分体を窓から外に出して確認したけど、この上には屋根があるだけでもう一つ部屋があるようには見えなかった。
困るなあ、分かりやすい所に部屋を作るかもっと細かく説明しといてくれないと。
……そこも含めて僕を試しているのだろうという事は、勿論分かっている。
でももー少しだけ簡単でも良いんじゃないかなぁー?
だって僕、バカよ?
ちょっと考えただけで頭から煙出るくらいのバカよ?
難しい謎を解かなきゃいけないなら帰って寝るレベルに頭を使う事が大嫌いなバカよ?
……分かる訳ないじゃん。
ああもう本当あのクソ黒装束め! 僕を過大評価してるのか知らんが、もっと親切にしやがれこの◯◯◯◯(自主規制)〜!――
……恨み言を言っていても始まらん。ちゃんと考えよう。
先ず一つ目、『僕の靴跡以外の靴跡を探して、その途切れた所を重点的に探す』ってのをやってみよう。

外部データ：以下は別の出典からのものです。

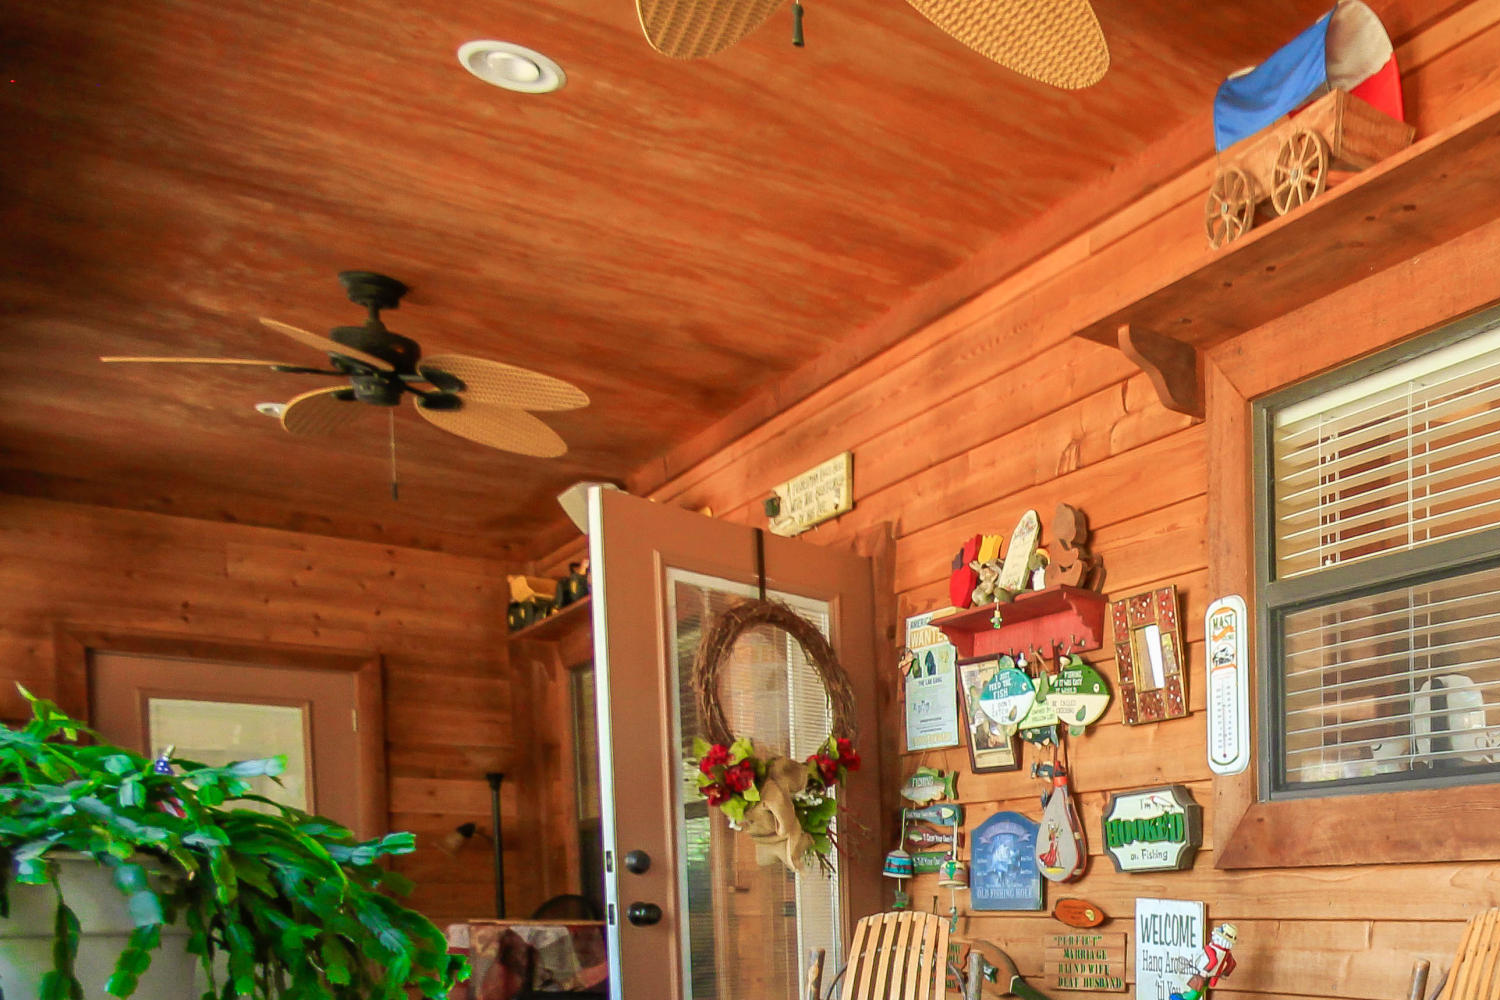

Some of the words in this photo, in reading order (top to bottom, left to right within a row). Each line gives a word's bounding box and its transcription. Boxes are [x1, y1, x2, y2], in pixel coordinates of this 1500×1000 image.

[1213, 614, 1233, 629] MAST
[910, 628, 946, 649] WANTE
[993, 688, 1008, 699] FISH
[1141, 848, 1168, 861] Fishing
[1140, 912, 1197, 948] WELCOME
[1063, 948, 1107, 960] MARRIAGE
[1058, 963, 1086, 974] BLIND
[1088, 964, 1110, 975] WIFE
[1142, 949, 1163, 978] Hang
[1058, 977, 1079, 988] DEAF
[1084, 976, 1122, 989] HUSBAND

そうと決まれば即座に実行だ。懐から『魔除けの砂』――大体の聖職者が持ち歩いているお手軽お祓いセットに〈擬態〉で化けさせていた分体を砂フォルムのまま空中へばら撒く。
もはやスキルも碌に使えないくらいの小ささだが、探索程度には使える。
勿論その間僕もただボーっと見ていたわけではない。スキルで調べていた。
――結論から言うと……こいつは失敗した。よく考えりゃ分かる事だった。
ここ『アゼルシア大神殿』は、『お掃除司教』と揶揄される程の綺麗好きで知られる総律司教が、配下の『鮫の塔』の聖職者と共に隅々まで掃除していたのだ。
そしてその大掃除は……礼拝の前に行われる。
――つまり当然〝昼の〟礼拝の前にも。
まぁ要するにこういう事だ。
――足跡など一つとて残っていなかった。
勿論収穫もあったとも。
「僕を呼び出した連中は〝昼の〟礼拝の後にはこの部屋を訪れてなどいない」という振り出しへの強制帰還を告げる恐ろしい収穫がね。
あのクソ共め! 最初から場所を言っておきやがれ!! それが他人様を招待する時の礼儀ってもんだろうが!!! このt――
二つ目、『僅かな手掛かりから〝足りない頭で〟謎を解き、部屋を見つけ出す』もうこれしか無い。
問題は山積みだが、その中でも最も重要なものを一つだけピックアップしよう。
僕には考える気がない。
……。
…………。
だって仕方ないだろ? 足りない頭を振り絞って必死に考えるよりも頭良い奴の言う事に従ってた方が楽なんだもの。
僕には難問に諦めずに挑むだけの気概はない。
……まぁそんな事言ってる場合じゃないから考えるけども。
取り敢えず今僕が持ってる物のうち、奴らに僕が確実に持っていると分かる物をピックアップしよう。この中の何かを使うのかもしれない。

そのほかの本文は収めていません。